Bryant was born
Anna Louisa Mohan in San Francisco, California. Her father, Hugh Mohan was a coal miner from Pittsburgh, Pa, who made his way west with the Railroad crews. Her mother remarried Sheridan Bryant and Louise took her stepfather's name. The family moved to Nevada where Louise was a student at the University of Nevada. She later moved to the University of Oregon in Eugene. Her Senior thesis was about the "Modoc Indian War" of Southern Oregon and was completed in 1908. Bryant returned to San Francisco to become a journalist after graduation but was soon nudged, for financial reasons, to teach "school" in Salinas, California in her words "in a remote area, forty miles from a train station". She also wrote that "Mexicans and Spaniards are my students". She moved back to Oregon and became involved with the Suffrage Movement in Portland, worked for
the Spectator, and married Paul Trillinger.

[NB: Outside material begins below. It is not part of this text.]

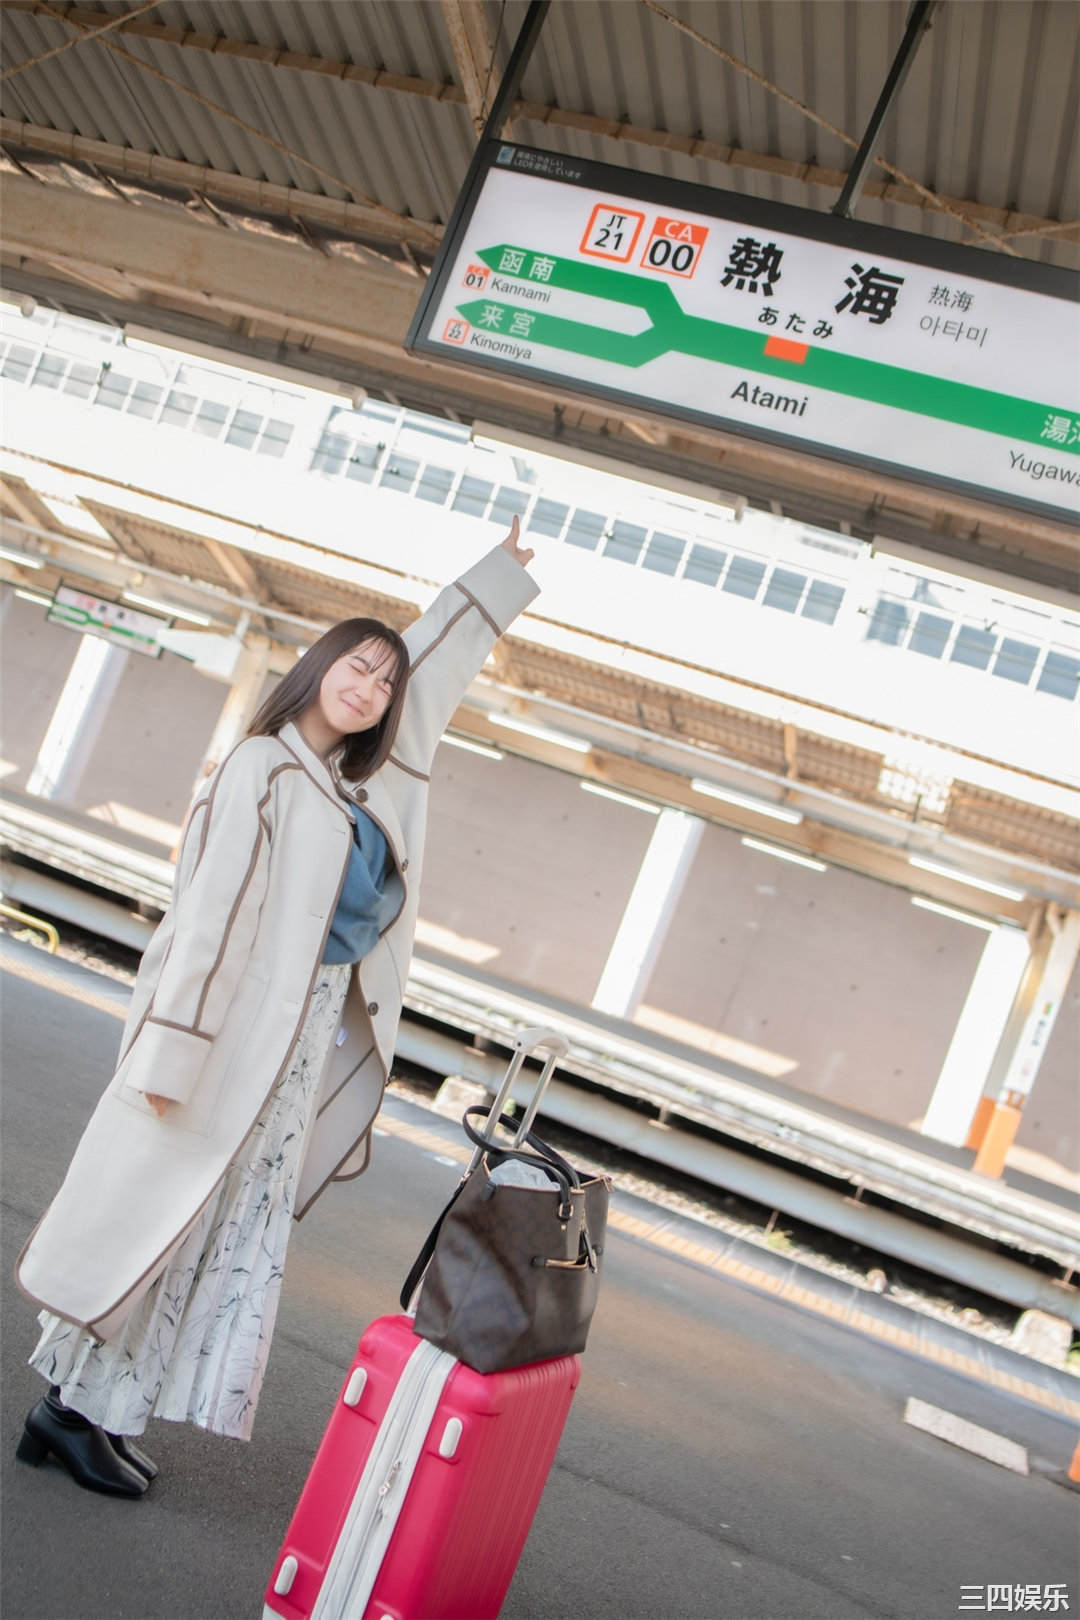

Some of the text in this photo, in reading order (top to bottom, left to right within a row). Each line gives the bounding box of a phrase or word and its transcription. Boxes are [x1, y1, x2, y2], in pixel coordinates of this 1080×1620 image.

Bryant met journalist John Reed in Portland, Oregon while he was visiting his family after attending Harvard and moving in "Radical" circles of the Village in New York CIty. Louise moved with him to New York City, and amicably divorced Trillinger several months later. Reed and Bryant together traveled to Russia in 1917 where they witnessed the October Revolution. Both published books about the event, Reed's
Ten Days that Shook the World and Bryant's
Six Red Months in Russia. Bryant was with Reed when he died of typhus in 1920. He is the only American to be buried at the Kremlin in Moscow.
In a 1920 letter to a friend, Bryant spoke of her typhus-stricken husband’s death in Moscow and how she watched Soviets pass his grave:
- “I have been there in the busy afternoon when all Russia hurries by,” she wrote. “Once some of the soldiers came over to the grave. They took off their hats and spoke very reverently: ‘What a good fellow he was!” said one. ‘He came all the way across the world for us. He was one of ours.”’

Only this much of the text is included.